I chose Hydra for two reasons. First, it’s only a two-hour ferry ride from Piraeus. Second, and more important, Hydra doesn’t allow private cars or trucks on the island.

For a fee, donkeys haul luggage for tourists who brought more than they can or want to carry between the port and their hotels, which, in many cases, involves climbing up steps that pass as roads

(I assume the donkey owners get the fee for the haulage, not the donkeys. The donkeys probably work only for food. It’s exploitation, I tell you. Exploitation!)

I didn’t use that service. However, I had occasion to observe that the donkeys had no problem maneuvering up and down the steps.

The donkeys perform those duties with much greater ease than I did. By the time I reached my hotel with my bag and small backpack, I was involuntarily huffing and puffing quite heavily. Although, I’m proud to say, it turns out that I’m in pretty good shape for a man my age. My lungs worked heard, but my muscles didn’t feel it at all, and my heart felt fine. All I can say is, I hope I’m still in such good shape when I turn seventy, which will happen in a little less than two months from the time of writing, if I live that long.

So far, I haven’t seen donkeys moving goods for restaurants and shops in Hydra, but I imagine they do that too.

A Hydra beast of burden and its owner ready to serve a customer
A Hydra beast of burden and its owner ready to serve a customer

I saw a string of horses with what looked like members of a family of tourists sitting on them, one family member on each horse. Someone whom I assume owned or managed the horses walked in front of them, pulling them slowly along with a rope.

What with the donkeys and horses, the trick here, as I fortunately figured out before stepping in it, is to keep your eyes down on the path ahead of you as you walk along to avoid stepping into the transport system’s solid exhaust.

(Yes, that was a poop joke. I provided it in case anyone who, unlike my regular three or four readers, has a juvenile sense of humour manages to stumble on this page. Except, it’s not a joke.

True, it’s not all that frequent a problem. I guess someone does some cleaning up after a while. But if you visit Hydra and don’t watch where you tread, including the steps, you might at some point stumble into something other than this page.)

I read that, despite the no private cars and trucks rule, the island has a few emergency vehicles and garbage trucks. But I haven’t seen any yet. And I imagine they find it difficult maneuvering up and down the many sometimes steep steps here.

I hope I don’t need one of the emergency vehicles while I’m in Hydra. As far as I can tell, there is no route to my hotel that doesn’t involve steps. I imagine that, if necessary, they would drag me to the nearest point that an ambulance can reach. But, as I said, so far, those alleged emergency vehicles are sights unseen for me. So, they may have to drag me quite a distance if they don’t, in fact, exist.

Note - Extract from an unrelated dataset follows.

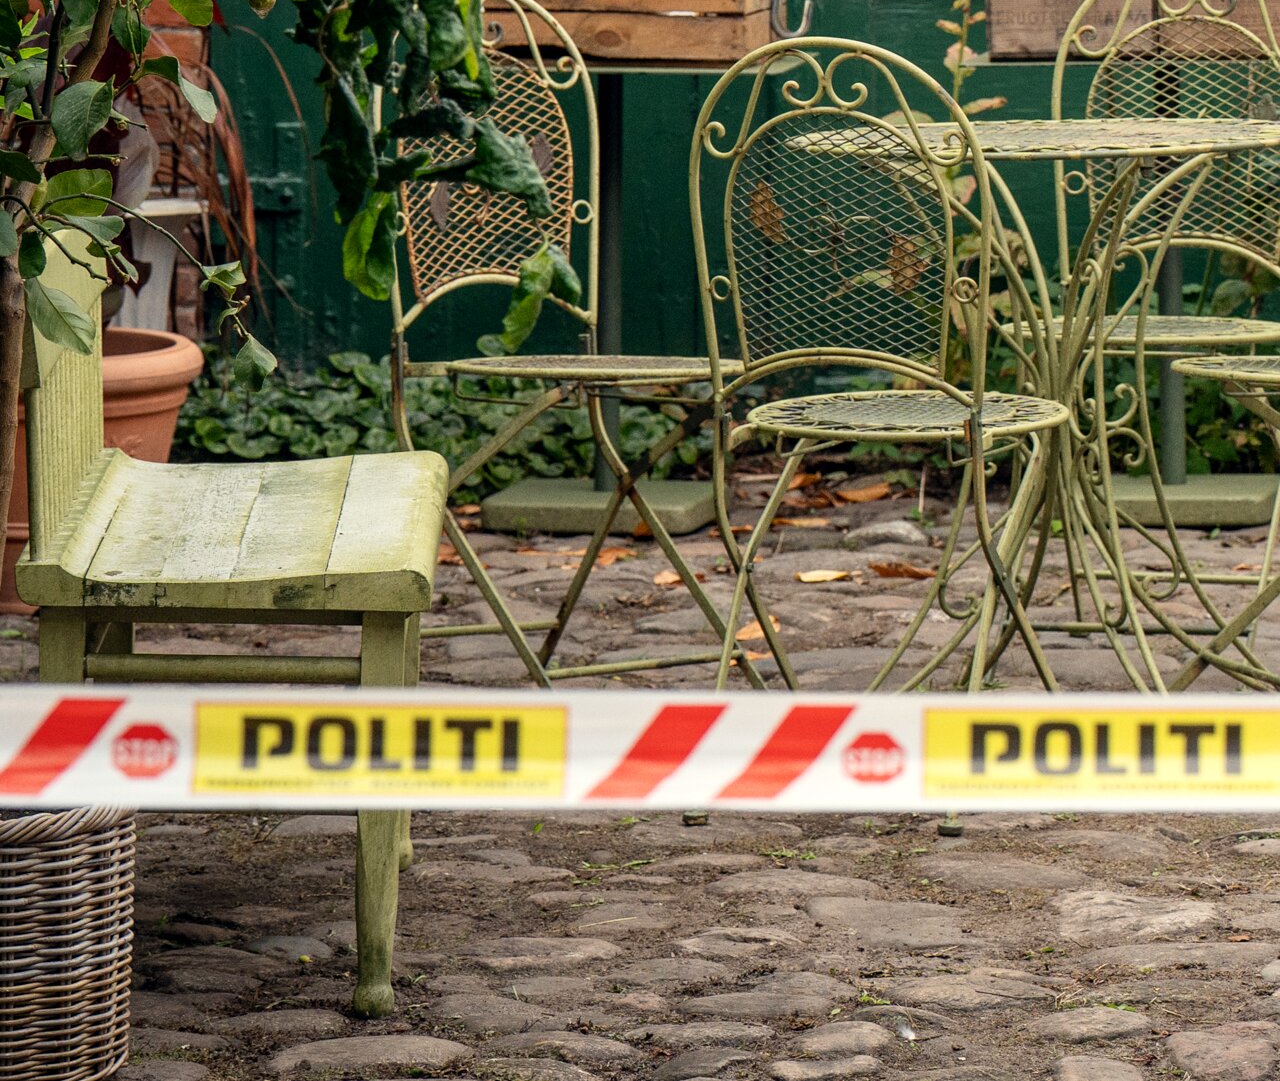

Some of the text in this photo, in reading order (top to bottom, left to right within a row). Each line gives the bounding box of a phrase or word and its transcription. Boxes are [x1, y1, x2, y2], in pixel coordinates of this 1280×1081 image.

[113, 738, 178, 766] STOP
[240, 715, 521, 773] POLITI
[843, 746, 905, 774] STOP
[969, 722, 1244, 776] POLITI

I guess they have garbage trucks because hauling garbage is beneath the noble donkeys. 


A view from my lunch restaurant
A view from my lunch restaurant

After checking into my hotel and settling in a bit, my visit to Hydra began with lunch. That wasn’t as easy as it sounds. The first two restaurants I tried to go to based on TripAdvisor’s lunch recommendations were closed, I think that’s because it’s the off season. The first restaurant I tried opens for dinner, but not for lunch at this time of year. The second looked like it was closed for the season. Before coming to Greece, I read in a guidebook that I should expect to find some restaurants and hotels closed in some tourist areas after mid-October. It’s now after mid-October.

On my third try, I found a nice little open restaurant right by the sea. When I say “right by the sea,” I mean right by the sea. The restaurant’s patio overhangs the water.

Another view from my lunch restaurant
Another view from my lunch restaurant

I had a table immediately beside the railing. Not that sitting on a patio overhanging the sea makes me anxious or anything. Oh, no. Not me. By the way, are there sharks in the Aegean Sea?

Lunch was lovely. I ate bread that I dipped in a full-bodied olive oil, nibbled on olives, enjoyed nicely prepared scallops, and slowly sipped a glass of wine, all while contemplating the sea and keeping a sharp eye out for any cracks in the patio floor and dorsal fins in the water. In other words, lunch was as relaxing as relaxing can be for a neurotic person in such a situation.

Walking Around Hydra

A Hydra street
A Hydra street

So far on this trip, the weather gods have smiled upon me. The temperatures have been about as close to perfect as they can be. The evenings get a bit cool, but nothing a light jacket can’t cure. During the days, I walk around without a jacket. And most days have been short-sleeve days.

I had one cloudy day, but it didn’t rain. The rest of the days have been sunny with barely a cloud in the sky. None of the clouds that did appear were the least bit threatening. And, trust me, I’m easily threatened. If anyone can be threatened by a cloud, it’s me.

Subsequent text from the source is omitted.